Per completare il quadro del “pacchetto montagna” va infine ricordato un ulteriore provvedimento, di natura amministrativa, varato nei giorni scorsi dal Ministero delle Infrastrutture che, dando attuazione ai contenuti di alcuni provvedimenti già varati dal Parlamento, ha disposto la fine del concetto di “vita tecnica” degli impianti a fune e di arroccamento, stabilendo che i medesimi non avranno più vita tecnica di soli 15 anni ma dovranno essere sottoposti a procedure di verifica e di sicurezza periodiche senza che ciò comporti lo smantellamento e il rifacimento degli impianti ogni tre lustri.
I politici ritengono di aver raggiunto "un risultato storico": il Fondo Nazionale della Montagna, previsto dalla legge 97 del 31 gennaio 1994, ma puntualmente azzerato dal 2009 ogni anno nella legge di stabilità, è stato invece rifinanziato.
«Parliamo di 15 milioni di dotazione in tre anni – specifica il deputato Taricco (VICEPRESIDENTE della COMMISSIONE PARLAMENTARE PER LA SEMPLIFICAZIONE), non cifre astronomiche, ma dopo anni di disinteresse, ci auguriamo sia la nascita di una nuova stagione di attenzione e cura per la montagna e le politiche che necessita.
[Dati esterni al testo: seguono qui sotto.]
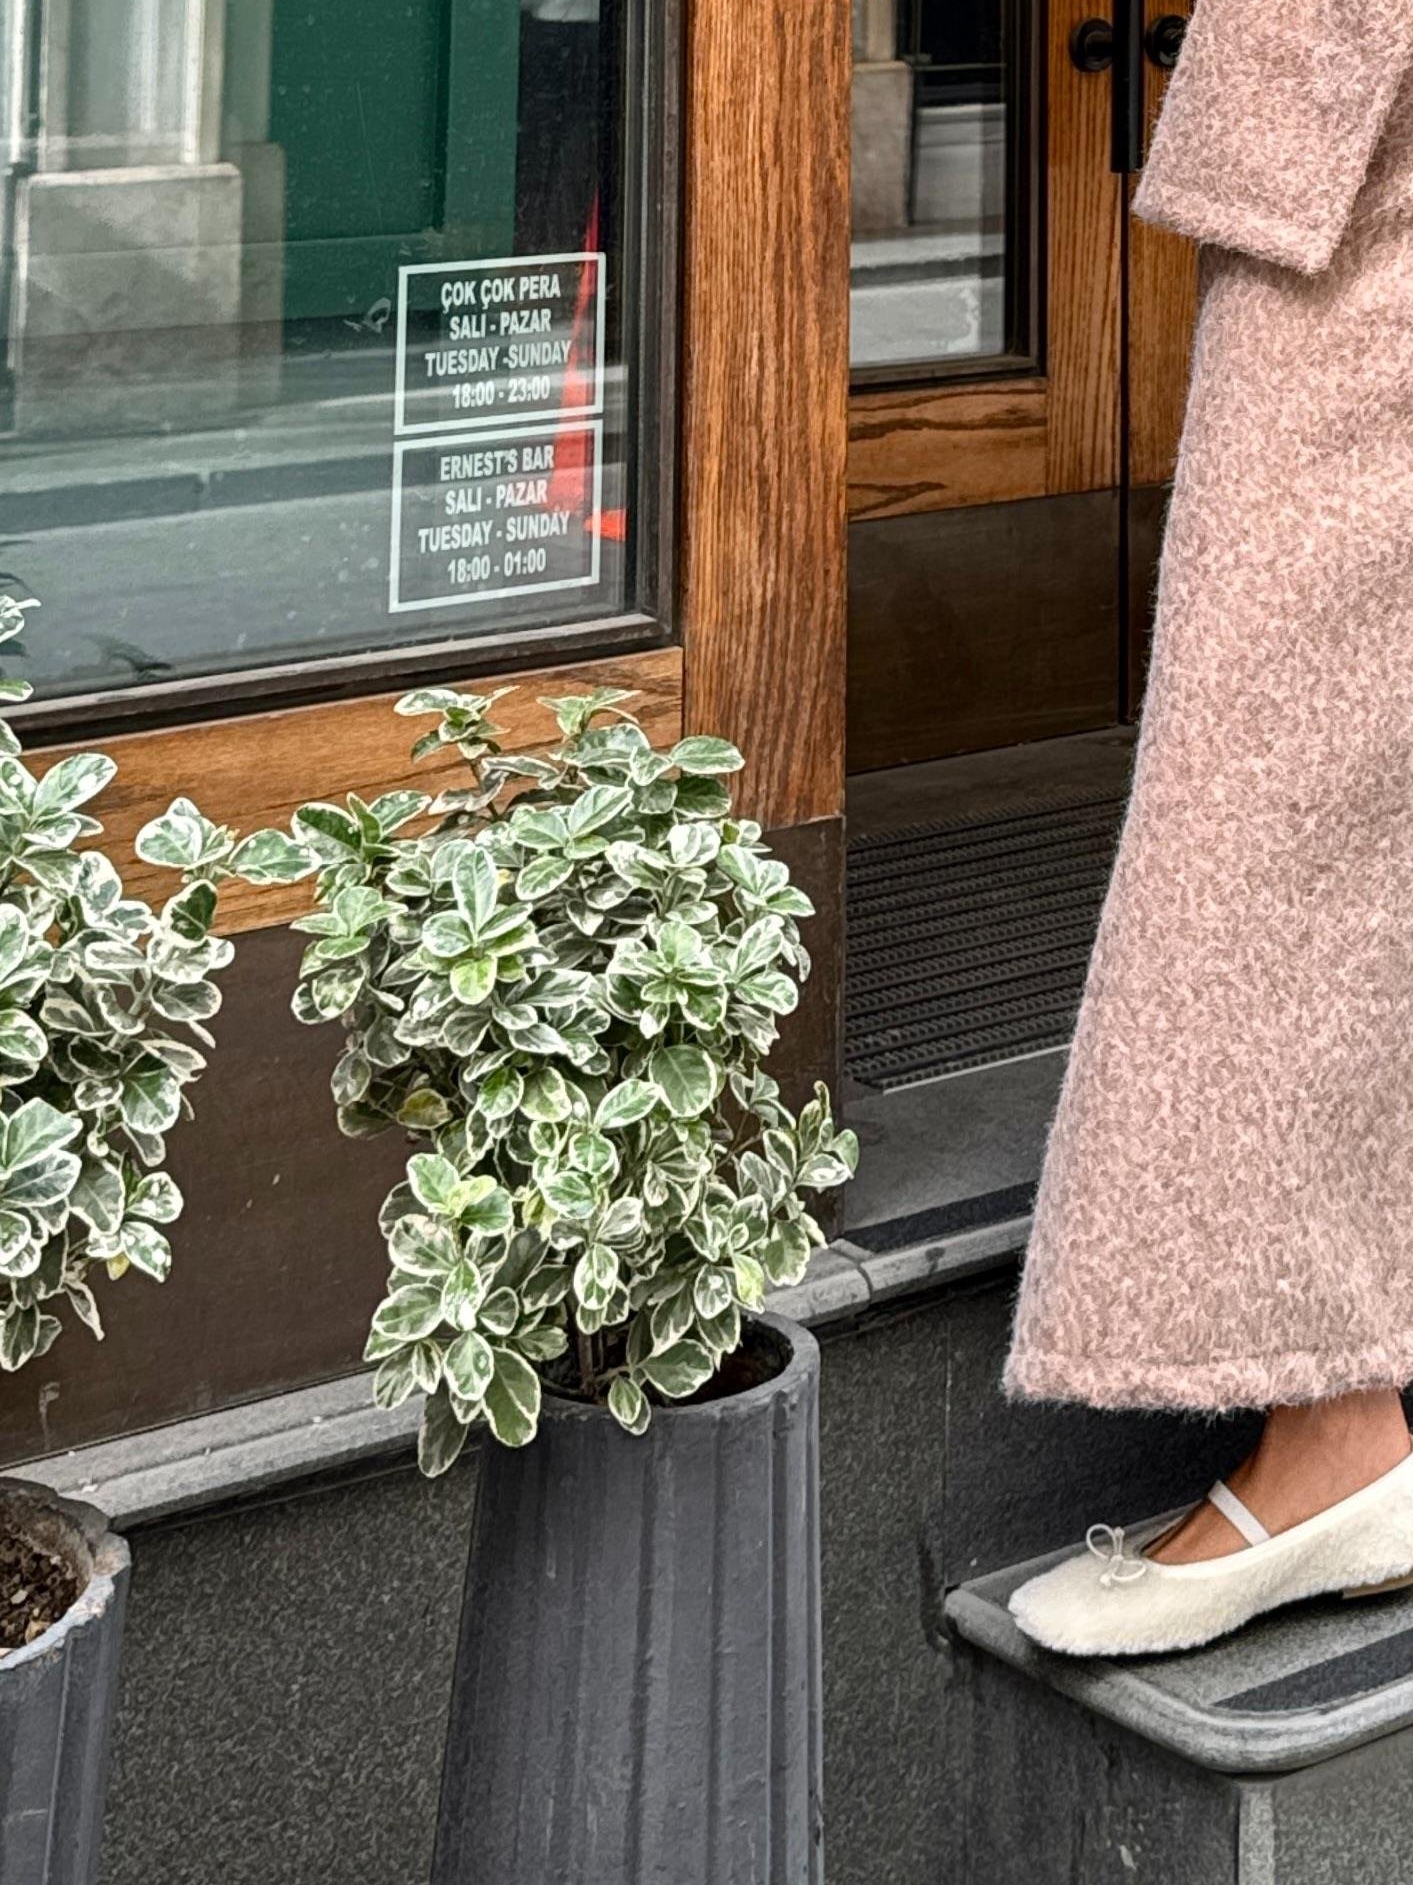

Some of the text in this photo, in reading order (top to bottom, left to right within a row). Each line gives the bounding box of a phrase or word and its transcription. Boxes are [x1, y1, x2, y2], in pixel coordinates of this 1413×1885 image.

Inoltre, la commissione bilancio ha varato un secondo provvedimento: l'incremento di 10 milioni per il fondo a sostegno della Strategia Nazionale delle Aree Interne che interessa la montagna al 90%, portandolo così a 190 milioni».
Conclude Taricco: «Per completare il "pacchetto montagna" va ricordato il Decreto firmato dal Ministro delle Infrastrutture Graziano Del Rio che, a seguito di un provvedimento su cui avevamo lavorato l’anno scorso, permette il superamento della vecchia normativa sulla vita tecnica degli impianti di risalita, adeguandola al resto d’Europa, stabilendo che i medesimi non avranno più vita tecnica di soli 15 anni, ma dovranno essere sottoposti a procedure di verifica e di sicurezza periodiche, senza che ciò comporti l’automatico smantellamento e il rifacimento degli impianti ogni 15 anni. Tutti segnali importanti che dicono di una attenzione concreta ai servizi e alle possibilità delle aree montane, un’area fondamentale del nostro territorio».